Os oito países já definidos para passar pelo Recife durante evento esportivo trazem uma bagagem rica de sabores e aromas

TEXTO Eduardo Sena

01 de Junho de 2014

Prato típico italiano é tão querido no Brasil, que faz parte da cesta básica oficial

Prato típico italiano é tão querido no Brasil, que faz parte da cesta básica oficial

Foto Alexandre Morais/Divulgação

Rua Prudente de Morais, nº 358, Sítio Histórico de Olinda. Verde, vermelho e branco nas paredes; nelas, além de alguns bibelôs, um mapa em forma de bota. Do corredor, observa-se uma cozinha de onde saem, sobretudo, massas e alguns molhos – entre os quais, o de tomate. No quintal, a brisa agita os pés de manjericão. Alguns gritos são ouvidos, não de discussão, voz alta mesmo. Já não se tem mais dúvidas de que se está em um pedaço da Itália nos trópicos. Trata-se da Don Francesco Trattoria, típica cantina da mamma de Francesco Carreta, italiano da cidade de Pádua, 53 anos, sendo 16 deles cozinhando em Olinda.

O reduto promete, como nunca antes, se encher de pares de pátria durante a Copa do Mundo, que tem início no próximo dia 12, com direito a jogo do Brasil na data, em São Paulo, e com partidas em Pernambuco a partir do dia 14 – um total de cinco certames, que serão disputados na Arena Pernambuco, em São Lourenço da Mata.


Tacos recheados com fajitas (carnes grelhadas), chilli (pasta de feijões que pode ser misturada com carne moída) e molhos como guacamole, tudo apimentado.
Foto: André Nery/Divulgação

Croácia, Costa do Marfim, Costa Rica, Alemanha, Estados Unidos, México, Japão e Itália são as seleções que desembarcarão por aqui, na primeira fase. E, muito além do toque de bola, essas nações visitantes trazem também temperos, aromas e sabores de suas terras.

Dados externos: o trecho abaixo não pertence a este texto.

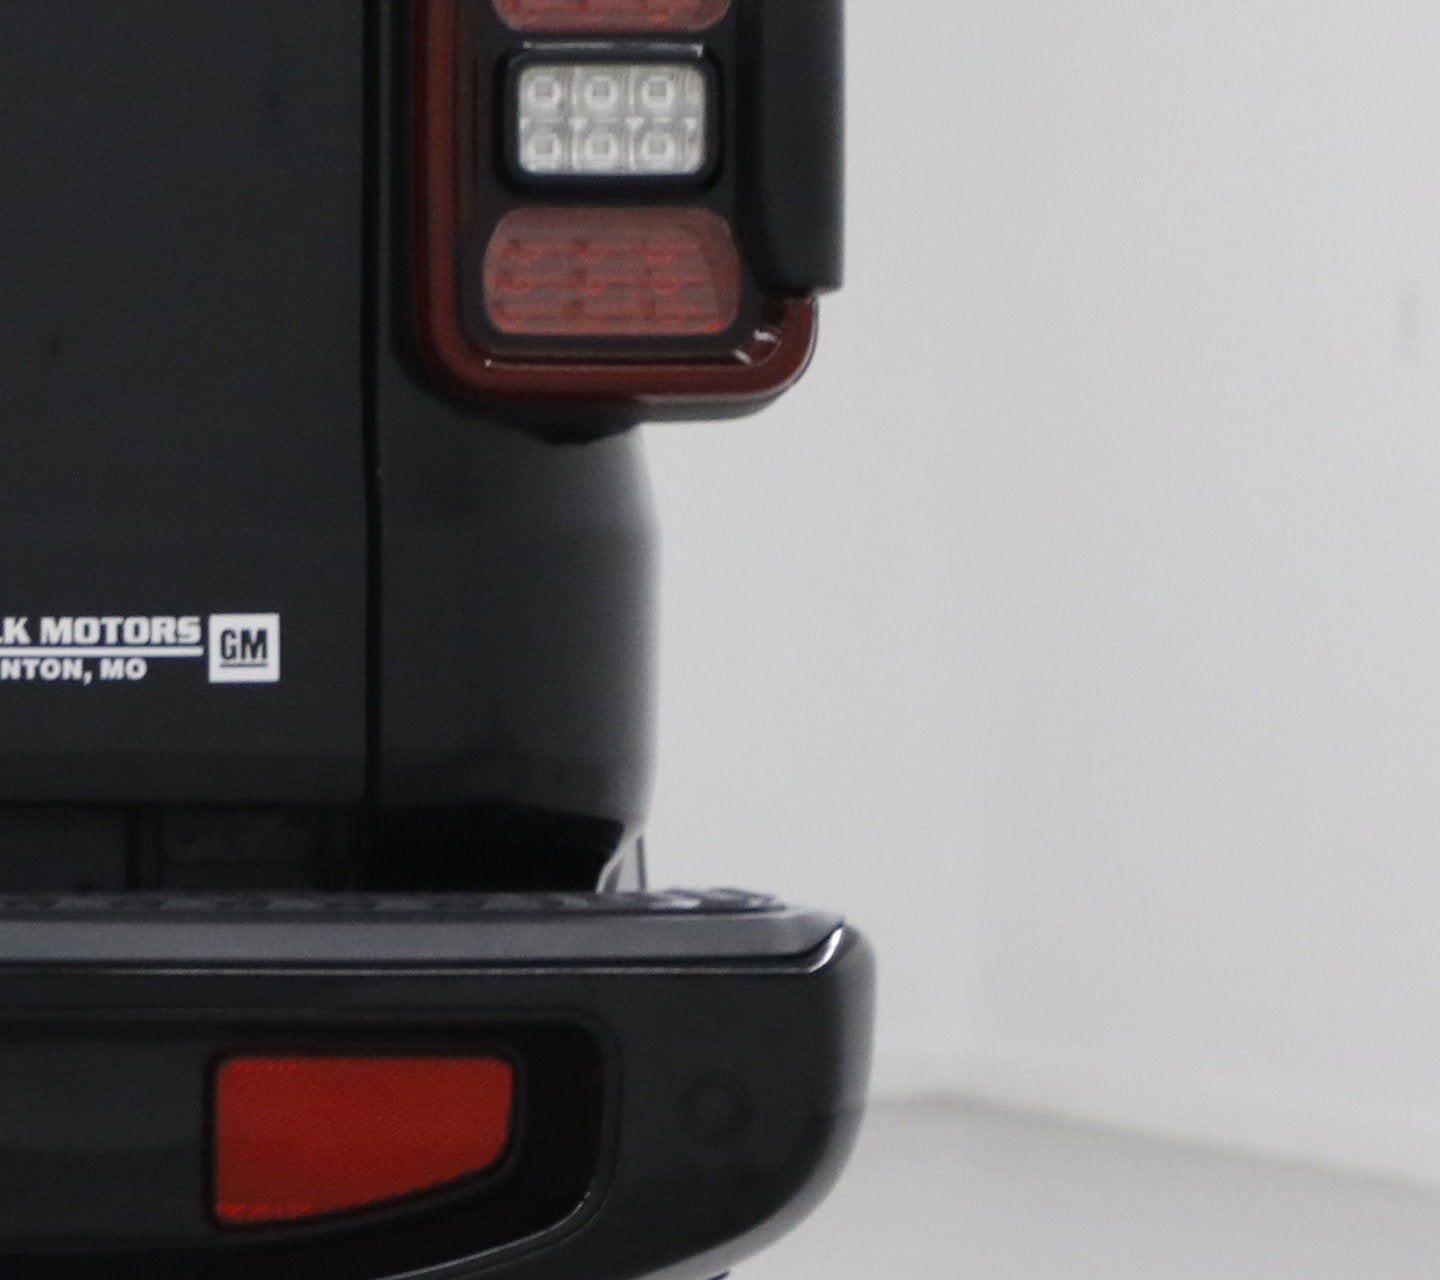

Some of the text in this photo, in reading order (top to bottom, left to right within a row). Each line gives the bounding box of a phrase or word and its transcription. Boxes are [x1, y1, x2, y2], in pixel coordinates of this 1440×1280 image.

[39, 616, 202, 645] MOTORS
[219, 628, 268, 661] GM
[99, 658, 148, 681] MO

A Itália, por exemplo, que para os brasileiros é no gramado um rival histórico, na mesa, possui uma afinidade inquestionável. Macarrão está na lista da cesta básica oficial do Brasil. E pouco importa se ele nasceu na China ou lá no “país da bota”, são os italianos que dominam sua arte com perfeição. Em tempo, vale pontuar que macarrão “é o nome genérico, em português, para os diversos tipos de pastas italianas”, como nos informa a escritora Maria Lúcia Gomensoro, em Pequeno dicionário de gastronomia (Objetiva).


Gallo Pinto é uma espécie de baião de dois com cebola, coentro, pimentão e especiarias, como cominho, da Costa Rica. Foto: André Nery/Divulgação

Em princípio, é fundamental saber que existem quatro famílias de massa: frescas e secas, com e sem ovos. E, a partir daí, nasce uma infinidade de tipos. Fettucine (fitas), orecchiette (orelhinhas), os maltagliati (pedaços malcortados), pappardele (fitas largas), os linguine (tipo de espaguete achatado) e o clássico espaguete (que, aliás, se divide em spaghettini, mais finos, e spaghettoni, mais grossos). E, para não limitar aquela nação apenas à massa, vale destacar entre os potenciais gastronômicos do país europeu a trufa branca da região de Alba (que chega a custar R$ 7 mil, o quilo) e o vinho espumante prosseco feito a partir da uva glera.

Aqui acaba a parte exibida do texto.